October 22, 2020 I Pandemic Stories
‘Crazy Week After Week’: Bob Taylor on the Guitar Boom
Taylor Guitars’ story of navigating the initial coronavirus quarantine is a familiar one. In mid-March, the company shut down its headquarters and manufacturing in El Cajon, California. Three weeks later, it reemerged with a skeleton crew, making adjustments to ensure social distancing. “We got some people back in, and we started making 25, 30 guitars a day,” said Bob Taylor, president and CEO of Taylor. “You’re making 700 guitars a day, and then you’re making none, and then you’re making 35.”
But as a shell-shocked populace started to look for things to do in isolation and spending money to do it, Taylor took action. As early as March 25, the company announced its “Taylor Days” sale, during which, for $99, customers could add an acoustic GS Mini, Academy Series, or Baby Taylor guitar to the purchase of other select Taylor models. The sale reset the year for Taylor.

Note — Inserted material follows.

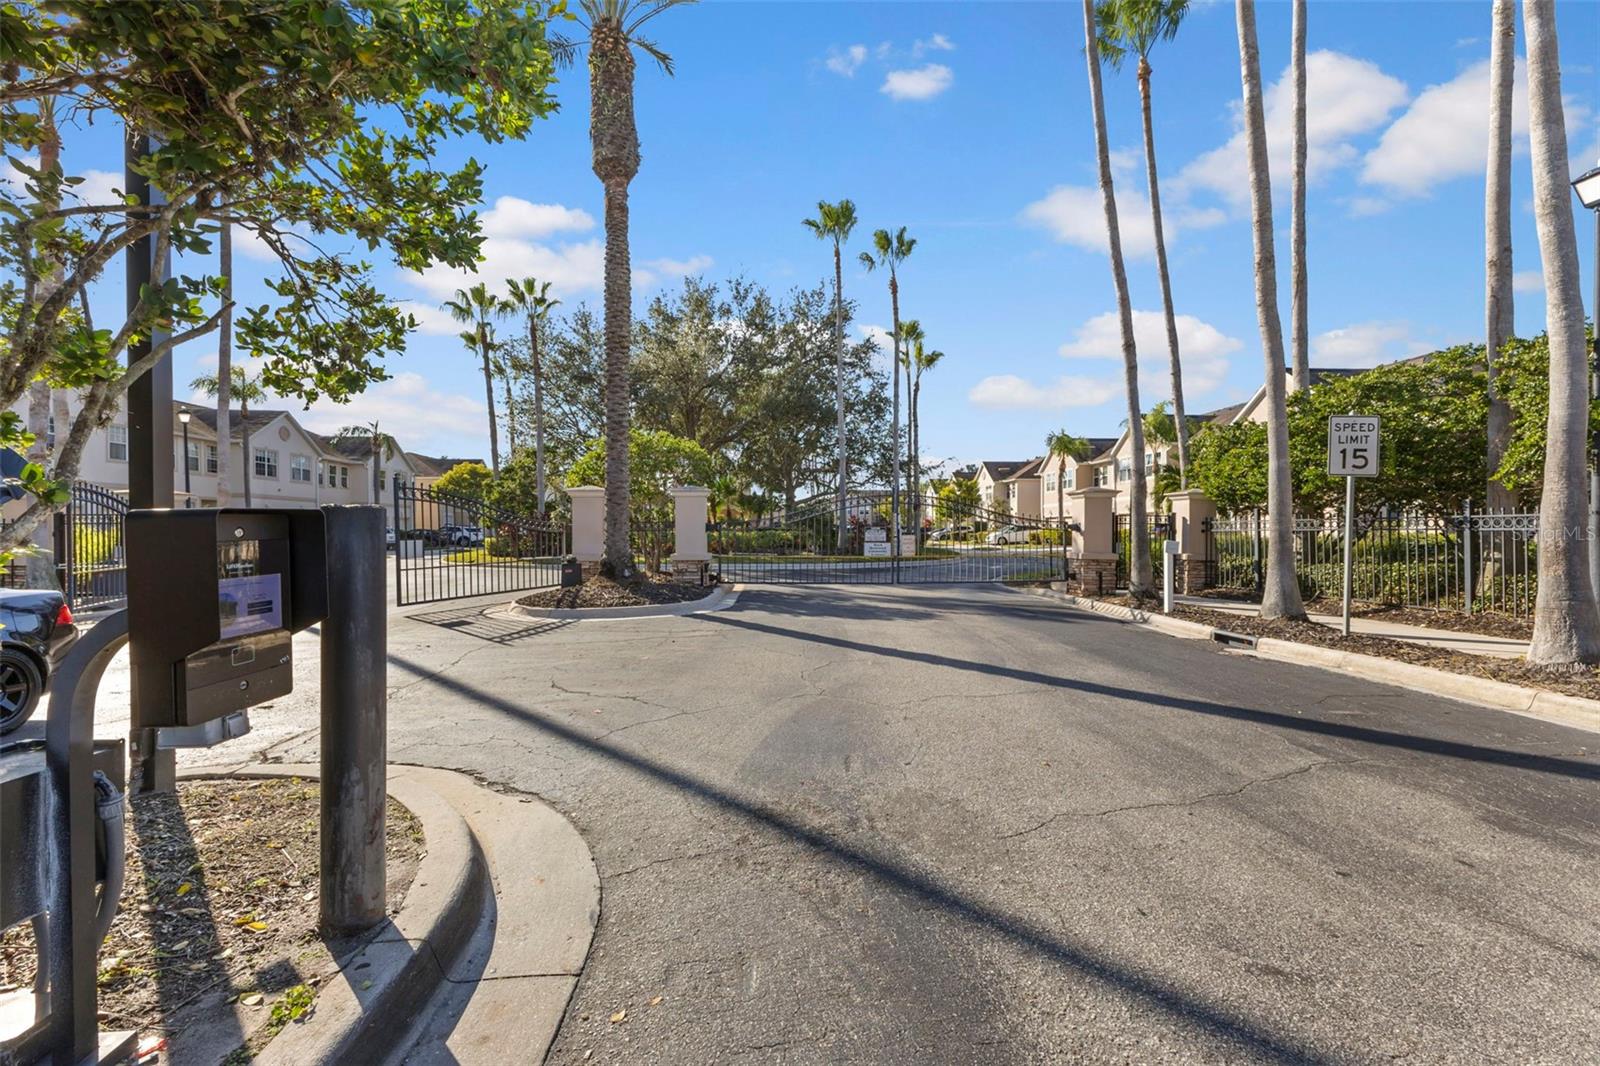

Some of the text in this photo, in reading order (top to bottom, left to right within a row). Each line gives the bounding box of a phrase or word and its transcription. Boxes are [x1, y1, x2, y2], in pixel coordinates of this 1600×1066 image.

[1334, 422, 1376, 433] SPEED
[1338, 434, 1370, 445] LIMIT
[1339, 448, 1369, 470] 15
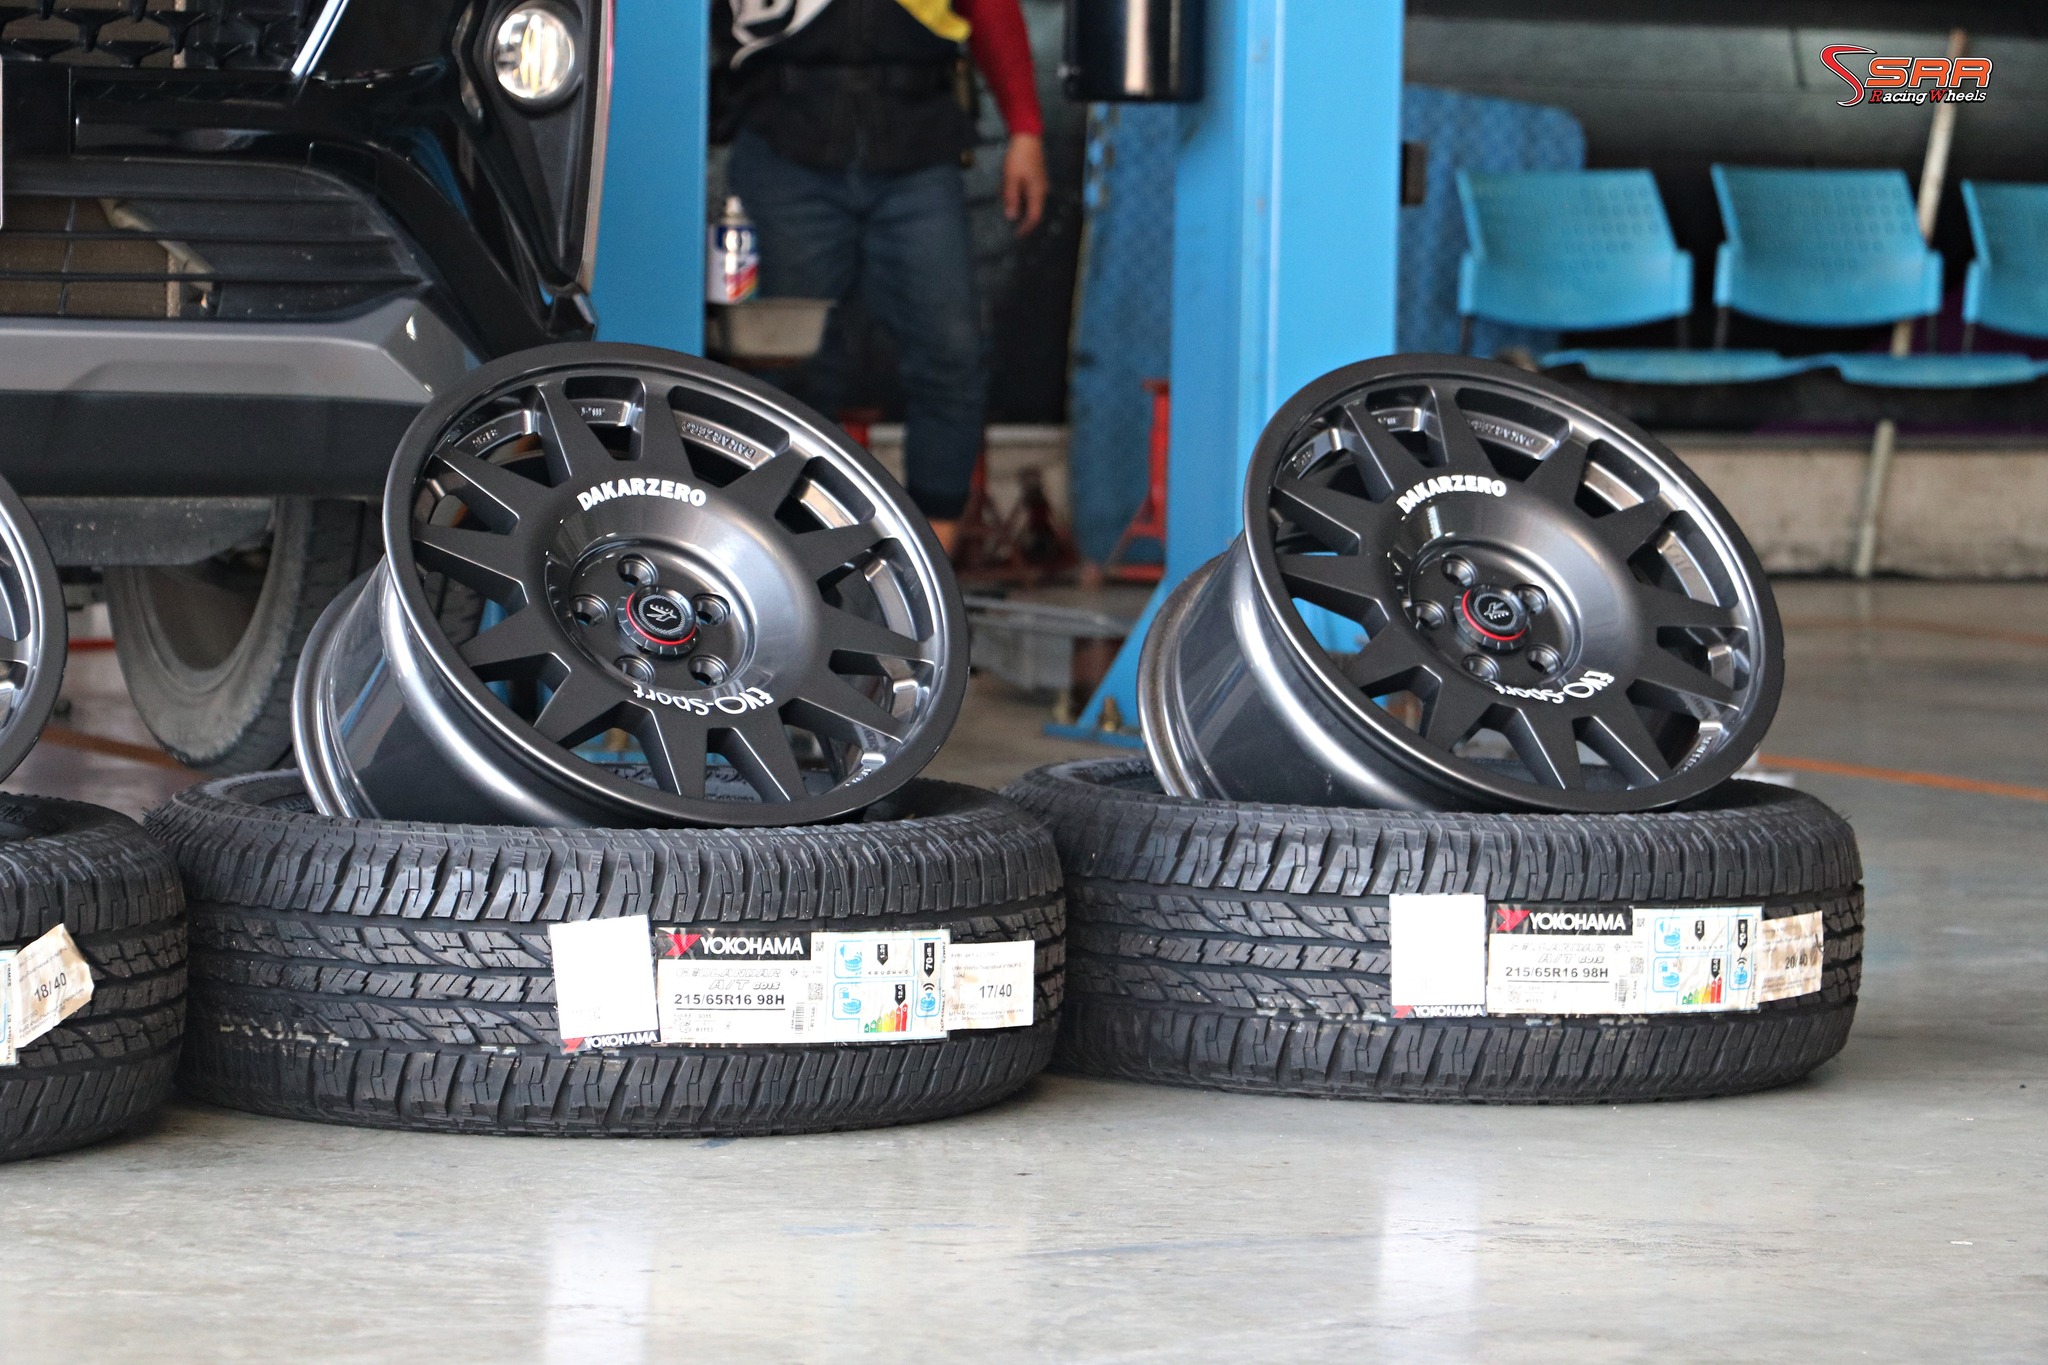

“We had 35,000 guitars in stock,” Taylor told Music Inc. “We sold those things down to the walls, and then we slowly started bringing on production. But what happened [was in] April, May, June and July, orders came in at immoral rates. — four or five times what we would normally sell in a week. So crazy week after week after week after week.”
Taylor had its best June, in terms of orders received, ever. June and July alone accounted for half the orders that the company had projected, pre-pandemic, for all of 2020. It isn’t just in the U.S. either, the company is seeing such sales worldwide. “Normally in the winter, post NAMM, we might have 10,000 or 15,000 guitars on order,” Taylor said. “Right now, we’ve got 100,000 guitars on order.”
The sales spike means Taylor is serving new customers, likely either beginners or people picking the instrument back up. But Taylor doesn’t feel its role is to take steps to ensure these end-customers keep playing after the initial purchase.
“We’re not taking any steps to do that because it’s a little bit beyond our wheelhouse,” Taylor said. “I’d rather spend my money on planting trees [than] spend my money being the 150th person trying to teach someone to play guitar on the internet. Marty Schwartz already has a million subscribers. I mean, gosh, Andy Mooney and Fender, they went from 150,000 users on Fender Play to just shy of a million.”
On October 19, Taylor appeared on Yahoo! Finance with singer, songwriter Lisa Loeb, who weighed in on why Taylor Guitars may be resonating with people right now. “They sound so beautiful, but they’re really easy to play, they’re fun to play, and I feel like when somebody is returning to playing guitar, and I see a lot of friends who used to play guitar back in high school or college and they want to get back to into it and be creative during this time, or new guitar players like my niece wanted to play guitar, and so I suggest guitars that are really fun to pick up,” Loeb said.
Taylor agrees. “Easy-to-play guitars are our hallmark,” he said. “I started making easy-to-play guitars with the very first guitar I made because I didn’t actually know that guitars are hard to play. I learned way back then to make a guitar that’s easy to play by accident. It’s super-easy for newbies because they’re successful right off the bat, and that’s just been part of our formula.”